Biomedicines. 2025 Jan 3;13(1):95. doi: 10.3390/biomedicines13010095.
: Endometrial cancer (EC) is the second most frequent gynecological malignant tumor in postmenopausal women. Pathogenic mechanisms related to the onset and development of the disease are still unknown. To identify dysregulated proteins associated with EC we exploited a combined in vitro/in silico approach analyzing the proteome of exosomes with advanced MS techniques and annotating their results by using Chymeris1 AI tools. : To this aim in this pilot study, we performed a deep proteomics analysis with high resolution MS (HRMS), advanced computational tools and western blotting for proteomics data validation. : That allowed us to identify 3628 proteins in serum albumin-depleted exosomes from 10 patients with EC compared to 10 healthy controls. This is the largest number of proteins identified in EC serum EVs. After quantification and statistical analysis, we identified 373 significantly ( < 0.05) dysregulated proteins involved in neutrophil and platelet degranulation pathways. A more detailed bioinformatics analysis revealed 61 dysregulated enzymes related to metabolic and catabolic pathways linked to tumor invasion. Through this analysis, we identified 49 metabolic and catabolic pathways related to tumor growth. : Altogether, data shed light on the metabolic pathways involved in tumors. This is very important for understanding the metabolism of EC and for the development of new therapies.

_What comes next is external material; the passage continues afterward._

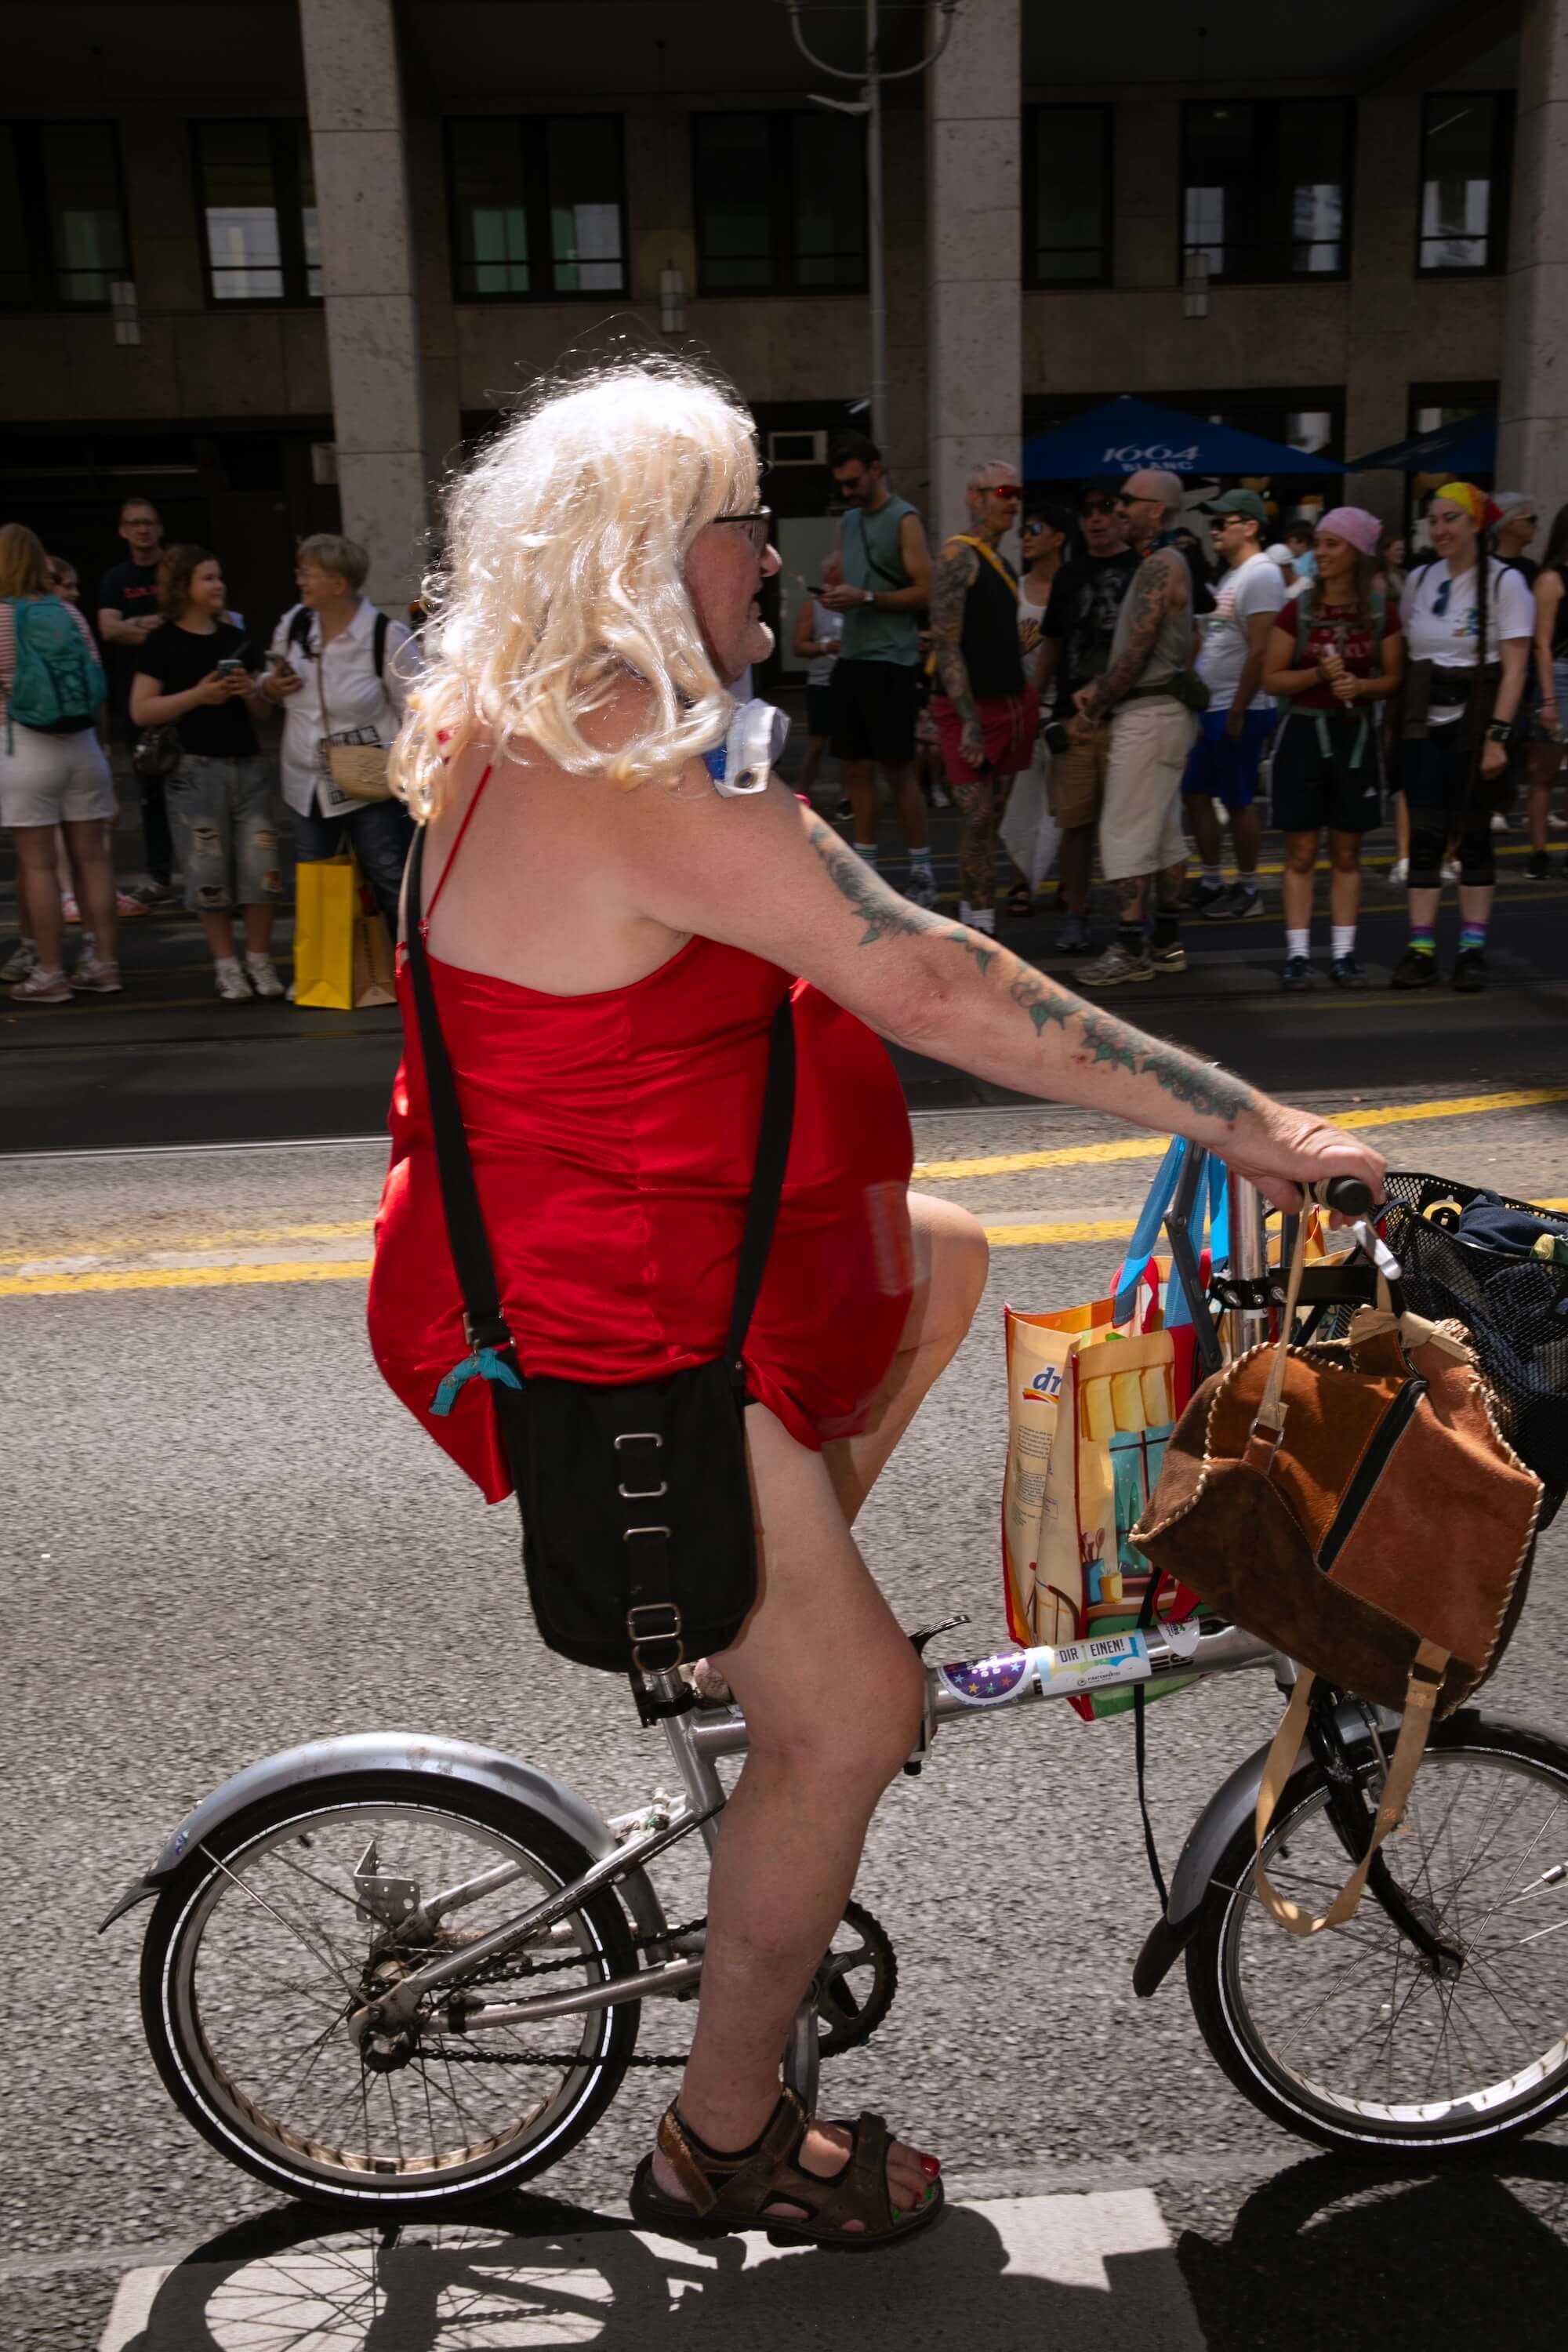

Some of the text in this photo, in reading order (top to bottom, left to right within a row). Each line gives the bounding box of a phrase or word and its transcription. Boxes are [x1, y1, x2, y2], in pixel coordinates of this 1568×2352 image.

子宫内膜癌(EC)是绝经后女性中第二常见的妇科恶性肿瘤。该疾病发生和发展的致病机制仍不清楚。为了鉴定与EC相关的失调蛋白,我们采用了体外/计算机相结合的方法,用先进的质谱技术分析外泌体的蛋白质组,并使用Chymeris1人工智能工具注释其结果。在这项初步研究中,我们使用高分辨率质谱(HRMS)、先进的计算工具和蛋白质印迹法对蛋白质组学数据进行验证,进行了深入的蛋白质组学分析。这使我们能够在10名EC患者与10名健康对照者的去除血清白蛋白的外泌体中鉴定出3628种蛋白质。这是在EC血清细胞外囊泡中鉴定出的最大数量的蛋白质。经过定量和统计分析,我们鉴定出373种在中性粒细胞和血小板脱颗粒途径中显著(<0.05)失调的蛋白质。更详细的生物信息学分析揭示了61种与肿瘤侵袭相关的代谢和分解代谢途径失调的酶。通过这项分析,我们确定了49条与肿瘤生长相关的代谢和分解代谢途径。总之,这些数据揭示了肿瘤相关的代谢途径。这对于理解EC的代谢以及新疗法的开发非常重要。